Habersiz ve belki kayıtsız da olabiliriz: Bal arıları endişe verici bir hızla yok oluyor; kimse bunun neden olduğunu ve nasıl durdurulacağını kesin olarak bilmiyor. Popülasyonları azalan ve bazıları yok olma eşiğinde olan sayısız tür için bu çok önemli bir durum gibi görünmeyebilir fakat arıların insanlık için önemi gezegendeki herhangi bir türden çok daha ileri seviyededir. Peki arıları bu kadar özel kılan şey nedir?
Arılar temel polen taşıyıcılar olma özelliğiyle, dünyadaki besinlerin üçte birinden fazlasının üretiminden sorumludur. Arılar olmadan insanları ve hayvanları besleyen sayısız bitkide polenleşme olmaz. Yani arılar olmazsa tahmin edemediğimiz düzeyde açlık olur.
Arılar neden kayboluyor? Bizler doğanın her seviyesinde ekosistemi birbirine bağlayan ipleri kopartıyoruz. Doğal kaynakları tüketiyor, her yıl ülke büyüklüğünde ormanları kesiyor, havayı ve suyu kirletiyor ve gezegenimizdeki canlıların yaşam alanlarını yok ediyoruz. Bunun sonucunda dünyanın yaşam döngülerindeki en hayati halkalardan birinin bozulmamasını nasıl bekleyebiliriz?
Belki boş mağaza raflarıyla karşılaştığımızda, yiyecek alacak paramız olup ancak satın alacak yiyecek olmadığını gördüğümüzde aptallığımızı, duygusuzluğumuzu sona erdirmek için çok geç olacak. Yaşamımızı sürdürmek istiyorsak doğaya kötü muamelemizin nedenini çözmeliyiz. Tüm doğa ile pozitif bağları olan bir ağ kurmalıyız. Sorun bilgi eksikliği ya da doğaya muamelemizde değil; esas sorun, kalplerimiz arasındaki bağlarda. Yani aramızdaki pozitif ilişkileri koparan bencil eğilimimizde.
İnsan, doğanın misafiridir ve ona uygun davranmalıdır. Bir taraftan umursamadan doğayı kirletirken diğer taraftan da ondan kusursuz hizmet bekler. Kendi çıkarına kullanmak en büyük kirleticidir ve bundan arınırsak tüm diğer kirleticilerden temizleniriz. Yani egoist doğamızı ıslah edene kadar bu süreç devam eder.
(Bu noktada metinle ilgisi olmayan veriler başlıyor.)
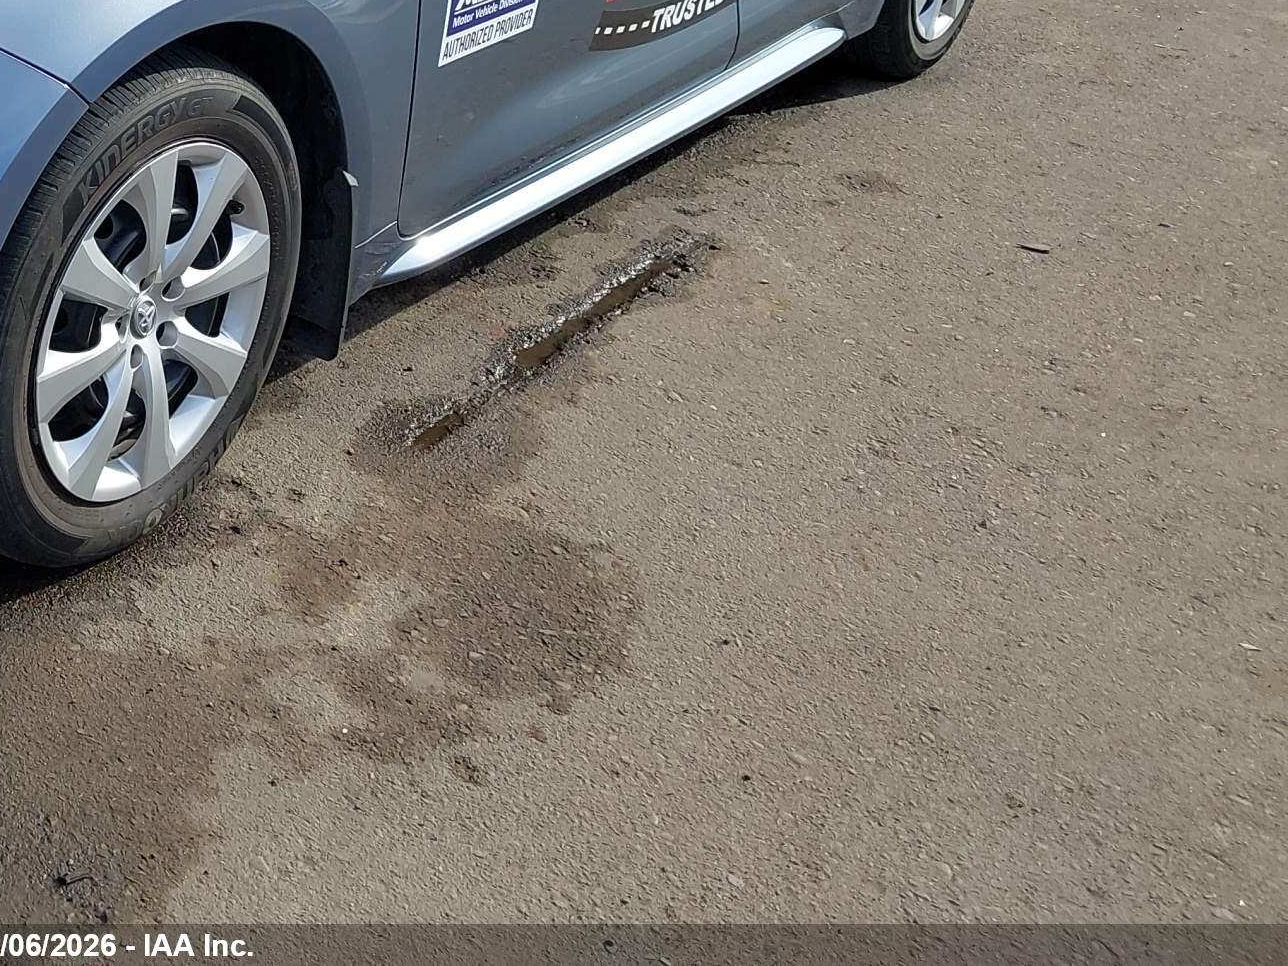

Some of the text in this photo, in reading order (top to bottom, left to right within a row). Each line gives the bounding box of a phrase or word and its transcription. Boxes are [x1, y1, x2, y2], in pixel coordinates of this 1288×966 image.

Arılar birbirini hisseder ve desteklerler. Bizler de birbirimizi hissetme sanatını, yani “komşunu kendin gibi sev” kuralını öğrenip arıların içgüdüsel olarak yaptıklarını, bilinçli olarak yapmak zorundayız. Örümcek, ağları vasıtasıyla düşünür ve hisseder. Bizler kendimizi düşünmekten çıkıp toplum için bir şeyler yapmaya başladığımızda tıpkı bir örümcek gibi ağımızı tamamlayıp birbirimizi düşünmeye, hissetmeye ve aynı zamanda ağı tasarlayan aklın nasıl çalıştığını da öğrenmeye başlarız.
Şimdi, aramızdaki kopuk bağları onarma; toplumu ve bal arısı popülasyonumuz dahil gezegendeki tüm hayatı iyileştirme zamanı.